Stored data entries:
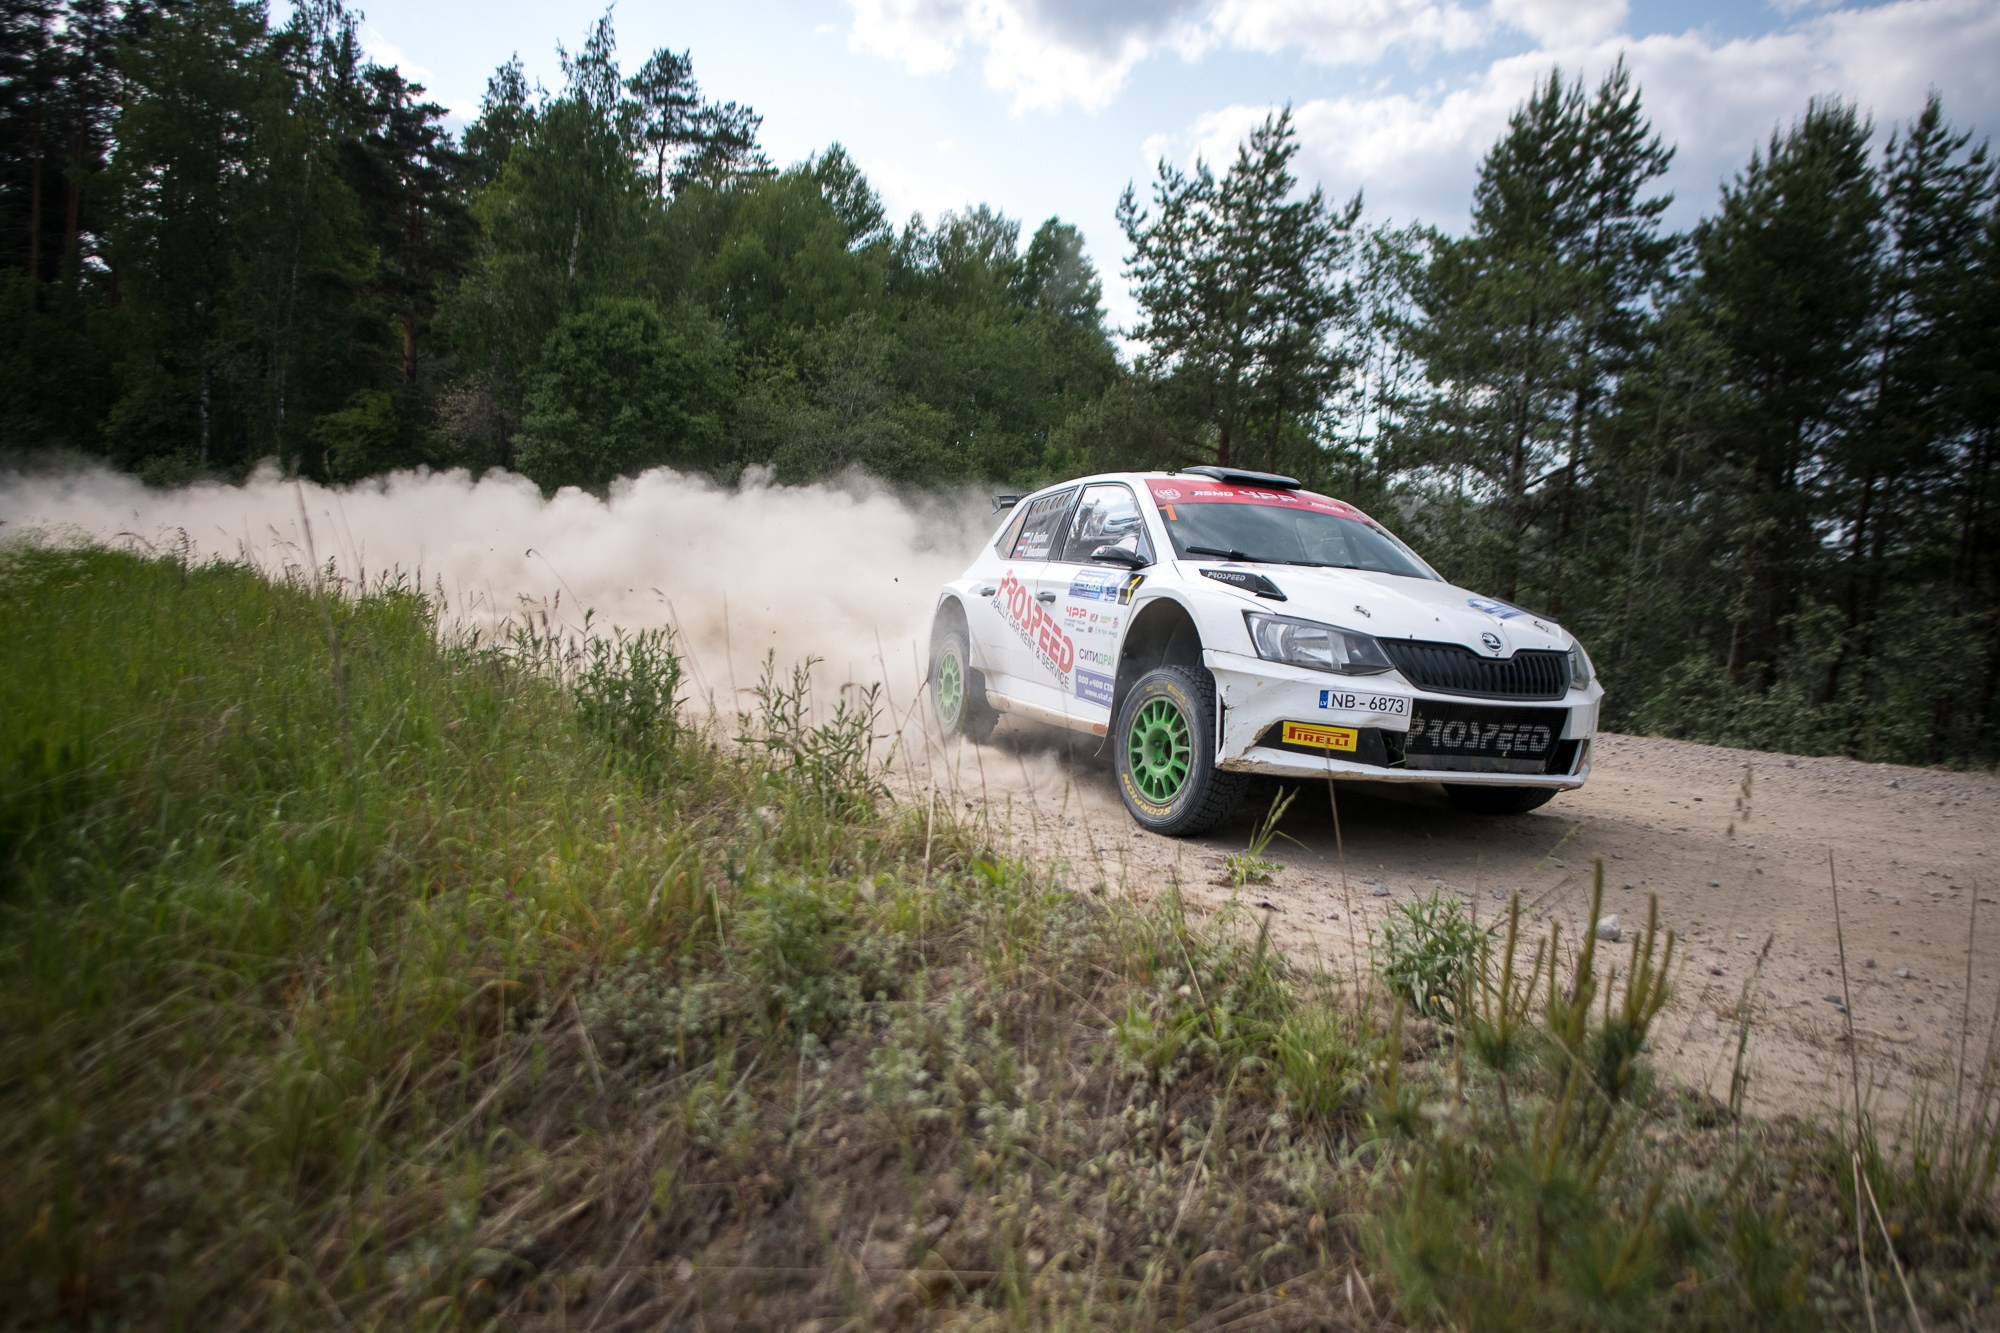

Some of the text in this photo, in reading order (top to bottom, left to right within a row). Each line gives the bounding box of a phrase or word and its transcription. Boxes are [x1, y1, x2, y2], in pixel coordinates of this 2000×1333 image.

[1158, 504, 1178, 521] 1
[1125, 575, 1142, 604] 1
[1207, 571, 1246, 581] PROSPEED
[997, 568, 1075, 674] PROSPEED
[991, 596, 1070, 690] RALLY CAR RENT & SERVICE
[1288, 726, 1351, 747] PIRELLI
[1406, 718, 1551, 752] PROSPEED
[1122, 773, 1172, 816] SCORPION
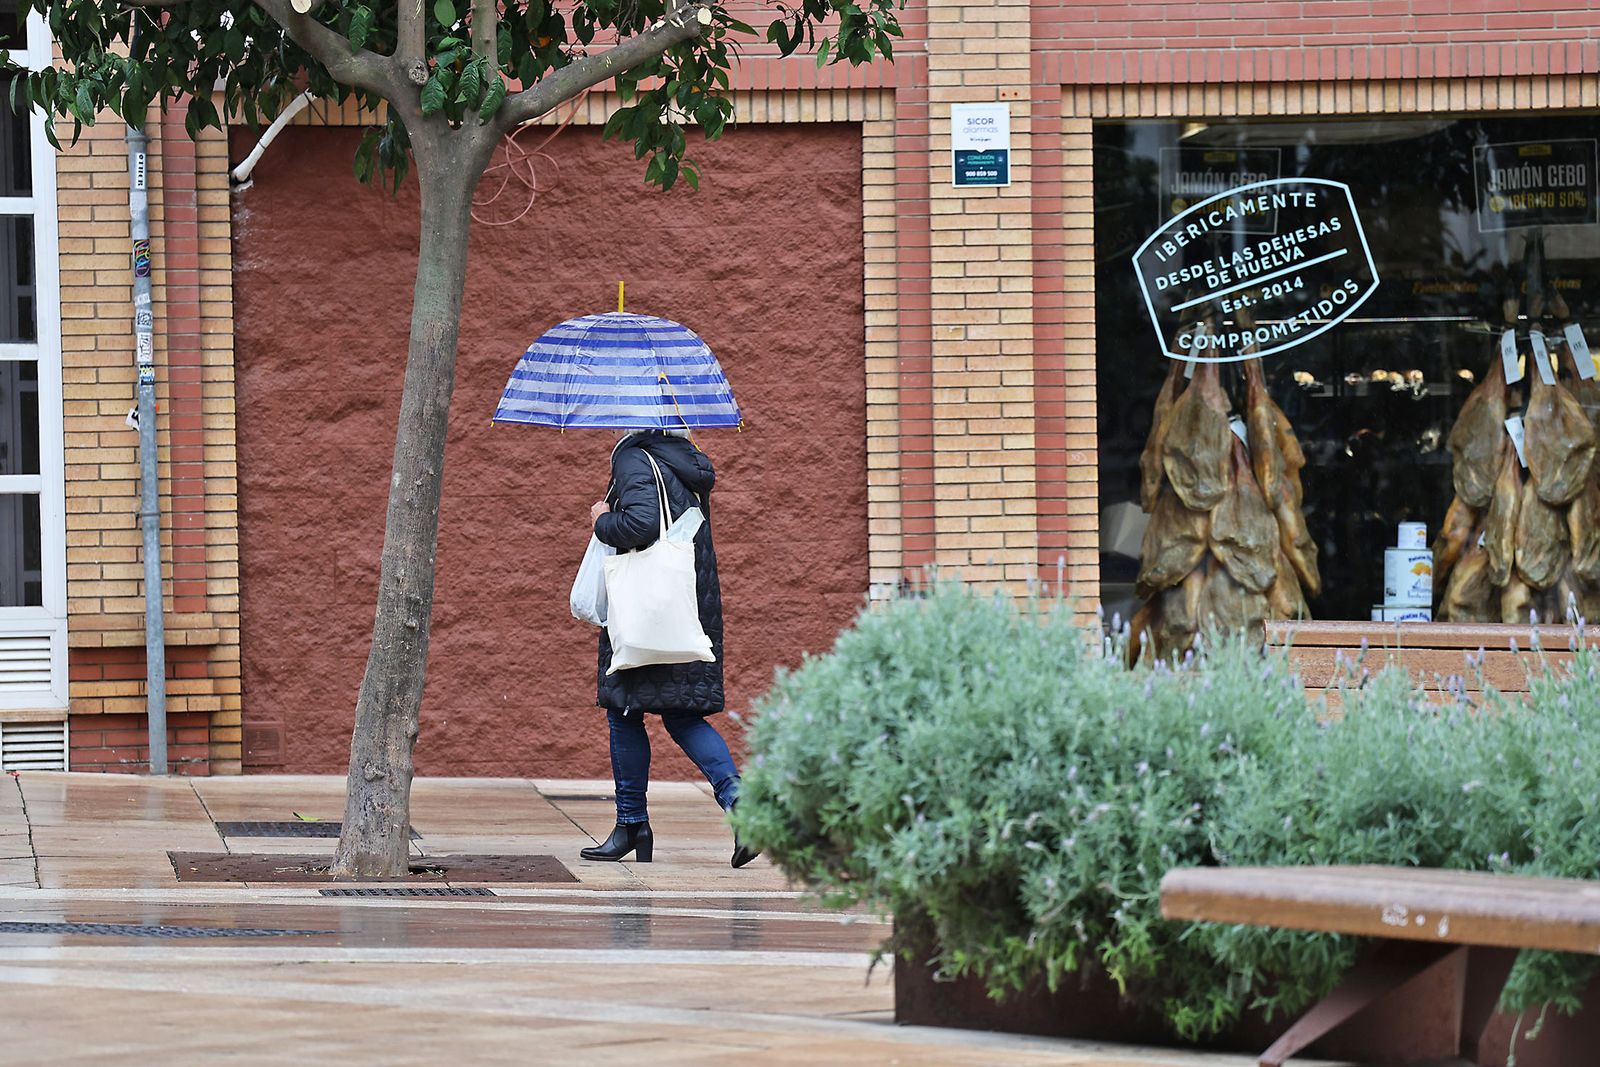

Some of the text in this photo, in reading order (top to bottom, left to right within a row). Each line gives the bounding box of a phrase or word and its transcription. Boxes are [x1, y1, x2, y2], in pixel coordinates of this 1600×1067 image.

Exercise
Retype every entry exactly as written, but omit the pictures.

Result for this task
Some of the text in this photo, in reading order (top to bottom, left to right within a row). Each line gives the bounding box of a phrase or word and its transcription. Boxes are [x1, y1, x2, y2], in pixel coordinates of this 2000×1333 image.

[1158, 504, 1178, 521] 1
[1125, 575, 1142, 604] 1
[1207, 571, 1246, 581] PROSPEED
[997, 568, 1075, 674] PROSPEED
[991, 596, 1070, 690] RALLY CAR RENT & SERVICE
[1288, 726, 1351, 747] PIRELLI
[1406, 718, 1551, 752] PROSPEED
[1122, 773, 1172, 816] SCORPION

Some of the text in this photo, in reading order (top to bottom, left to right within a row). Each line gives the bounding box of a phrase or word and its transcription. Boxes are [x1, y1, x2, y2], in pixel coordinates of this 1600×1067 image.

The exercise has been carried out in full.